De l'acier, ou plutôt, de la poche intérieure de Deculein, un éclat de Bois-Acier jaillit, et l'expression de son père — non, de l'imposteur l'imitant — se tordit en réponse.

… Que se passe-t-il au juste ? songea Epherene.

« Maintenant, il est temps pour toi de retourner », dit le Bois-Acier.

À ces mots, Epherene fut tirée hors de son rêve.

« Ahh ! » haleta Epherene, se redressant d'un bond dans son lit, scrutant rapidement son environnement et réalisant qu'elle était de retour dans la salle de recherche de Rekordak.

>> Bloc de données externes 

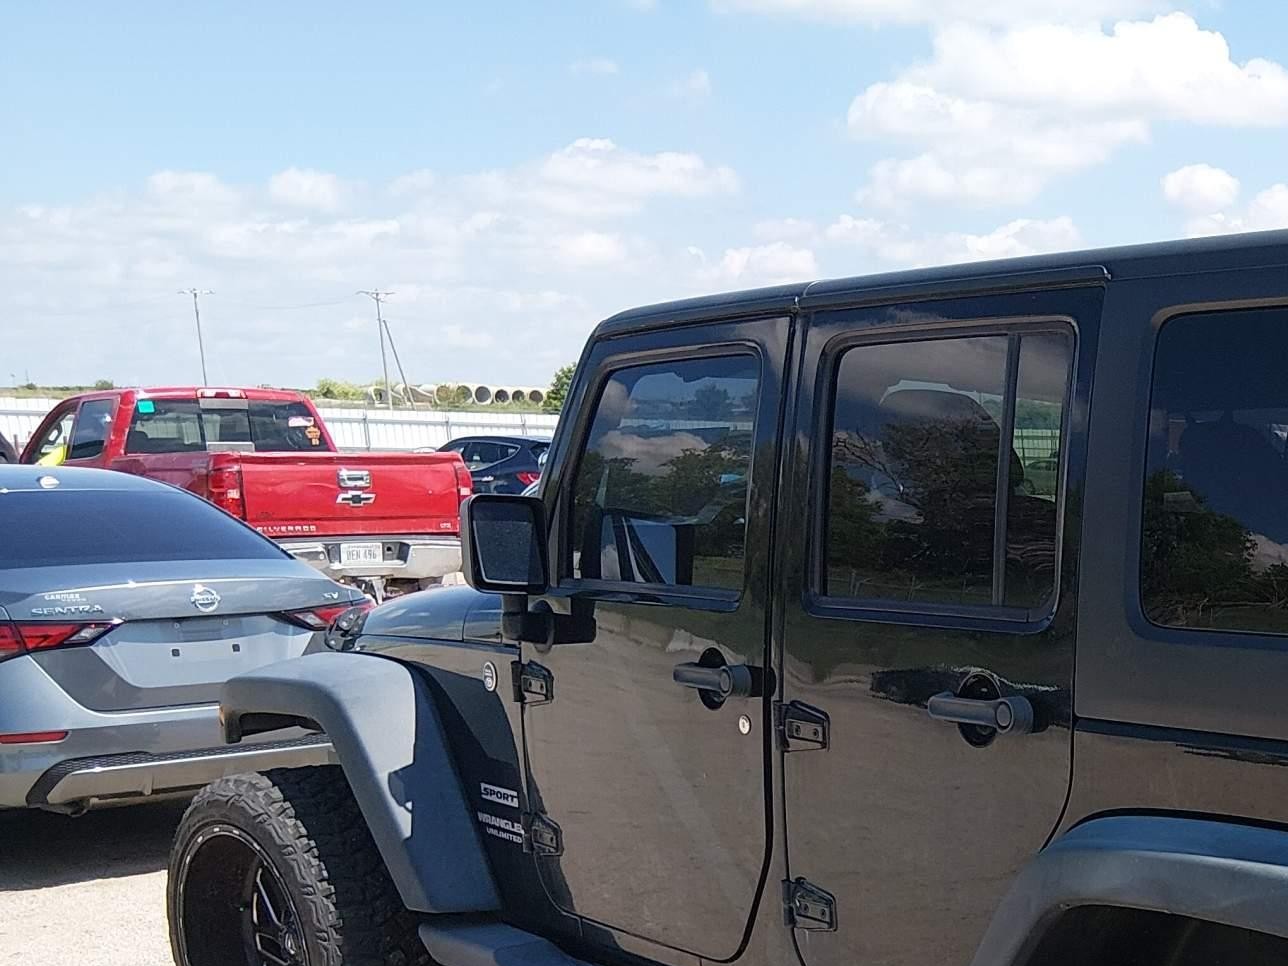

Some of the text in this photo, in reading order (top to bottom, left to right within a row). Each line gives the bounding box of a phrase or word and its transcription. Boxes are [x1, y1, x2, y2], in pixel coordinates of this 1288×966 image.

[31, 604, 104, 616] SENTRA
[482, 787, 519, 802] SPORT
[486, 826, 523, 844] UNLIMITED

« Oh ? Tu t'es réveillée tôt, hein ? » dit Drent, jetant un coup d'œil à sa montre. « Il ne s'est pas écoulé quinze minutes. »

Sans répondre, Epherene chercha immédiatement son Bois-Acier.

« Oh », marmonna Epherene.

Il reposait soigneusement sur la table, et elle tendit vite la main, le serrant fort et poussant un soupir de soulagement silencieux en le regardant.

« … Merci. »

Alors quelque chose d'étrange se produisit alors que le mana s'agitait dans le bracelet à son poignet avec un léger clic, s'écoulant dans le Bois-Acier et s'infiltrant profondément à l'intérieur.

« Qu'est-ce que c'est ? » marmonna Epherene en se levant, fronçant les sourcils, mais balaya cela vite, supposant que ce n'était qu'un autre phénomène magique.

Drent leva les yeux et demanda : « Où vas-tu ? »

« Oh, j'ai juste fait un rêve bizarre. Tellement agaçant. J'ai besoin de prendre l'air. »

« Le blizzard fait encore rage dehors, alors ne vas pas trop loin. Il y a beaucoup de bêtes là-bas. »

« … D'accord », répondit Epherene en sortant, mais dès qu'elle ouvrit la porte, elle tomba sur quelqu'un.

« Alors, Deculein, tu peux être le président, et moi je… »

Deculein se tenait dans le couloir, avec Ihelm à ses côtés.

« Hmm ? »

Tous deux se retournèrent alors qu'Epherene s'approchait d'eux.

« Oh, c'est toi, Leaf », répondit Ihelm avec un rictus.

Deculein resta silencieux, comme à son habitude.

« Oh… Oui, b-bonjour », répondit Epherene.

« Tu ne pleures plus ? » dit Ihelm. « Tu as pleuré tous les jours. »

« … Je n'ai pas pleuré tous les jours. »

Epherene sentit une vague de gêne et ne put s'empêcher de jeter des coups d'œil vers Deculein, incapable de chasser les pensées de ce qui s'était passé dans le rêve.

Alors, est-ce que cela veut dire qu'il y a le Professeur Deculein, ou plutôt, le Bois-Acier qui lui ressemble, qui m'attend toujours dans mes rêves… ?

« De toute façon, la vague de monstres approche. Assure-toi d'être bien préparée. Aussi, l'Équipe Aventure Grenat Rouge t'a demandé », dit Ihelm.

« Pardon ? Oh, d'accord… »

Epherene tenta de passer devant eux, mais Deculein, qui observait en silence, l'arrêta.

« Epherene », dit Deculein.

« … Oui ? » répondit Epherene, avalant sa salive.

« As-tu fait un rêve ? »

À ses mots, Epherene porta ses mains à sa poitrine, saisie, comme une grenouille confrontée à un prédateur.

Comment le sait-il ?! songea Epherene.

« C-comment as-tu— »

« Qu'est-ce que tu veux dire, comment on le sait ? Tu as de la bave et des cheveux collés au visage partout », répondit Ihelm.

« … Quoi ? » marmonna Epherene, se frottant le côté de la joue, ses doigts attrapant une mèche de cheveux collée par la bave. « Oh, je suis désolée. »

Epherene baissa la tête et leva les yeux vers Deculein, dont les yeux bleus restaient rivés sur elle. Sûrement, il avait dû sentir quelque chose de plus troublant que sa négligence.

« Pourquoi… pourquoi me regardes-tu comme ça ? » bredouilla Epherene.